2. SCOPE OF SERVICES
2.1 Engagement. The Company hereby engages Mason Alexander to provide the recruitment services ("Services") described in Section 3 of this Agreement. Mason Alexander shall act as an agent for the Company, providing recruitment expertise and support to identify and screen qualified drivers. Mason Alexander's role is limited to recruitment and onboarding facilitation as outlined in this Agreement. Mason Alexander is not an employer of the drivers and shall not be considered an employee, officer, or agent of the Company for any other purpose besides fulfilling the obligations specified herein. Mason Alexander has no authority to bind the Company to any agreements or obligations outside the scope of this Agreement.
2.2 Client Responsibilities. The Company shall provide Mason Alexander with all necessary information and specifications regarding the driver qualifications, positions to be filled, and any other relevant details to facilitate the successful completion of the Services. While Mason Alexander will make commercially reasonable efforts to secure qualified candidates, the Company acknowledges and agrees that Mason Alexander does not guarantee the placement or performance of any candidate referred through the Services. The Company shall retain sole responsibility for the ultimate outcome and success of the recruitment process, including but not limited to, the final selection, hiring, and retention of any drivers.

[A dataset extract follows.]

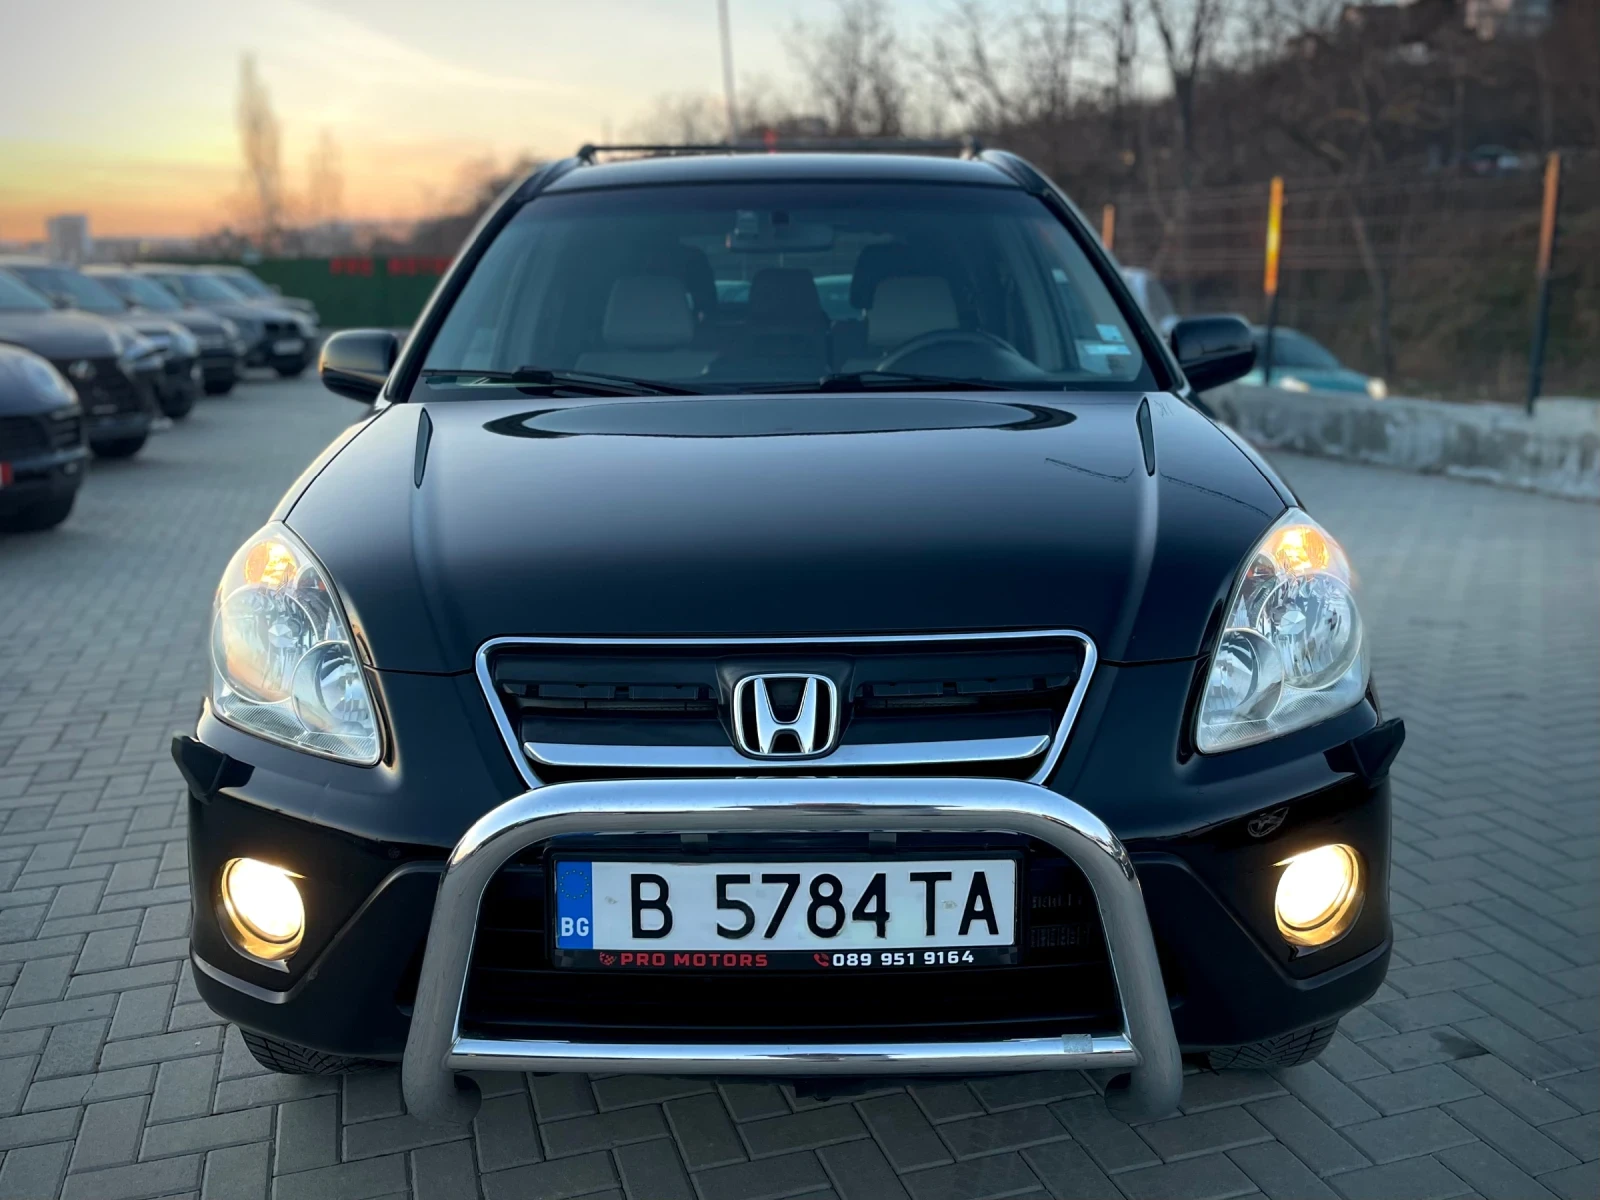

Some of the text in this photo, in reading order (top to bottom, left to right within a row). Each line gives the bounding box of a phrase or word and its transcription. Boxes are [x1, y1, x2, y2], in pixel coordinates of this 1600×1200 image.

[630, 871, 1000, 940] B 5784 TA
[560, 917, 590, 938] BG
[620, 952, 768, 967] PRO MOTORS
[832, 950, 975, 967] 089 951 9164

2.3 Client Responsiveness Following Driver Referral. Following the referral of a qualified driver candidate ("Candidate") to the Client by Mason Alexander, the Client shall acknowledge receipt of the Candidate's information within 3 business days (the "Acknowledgement Period"). The Client shall, in good faith, review the Candidate's qualifications and either express interest in proceeding with the interview/hiring process, or communicate, in writing, its decision not to proceed with the Candidate.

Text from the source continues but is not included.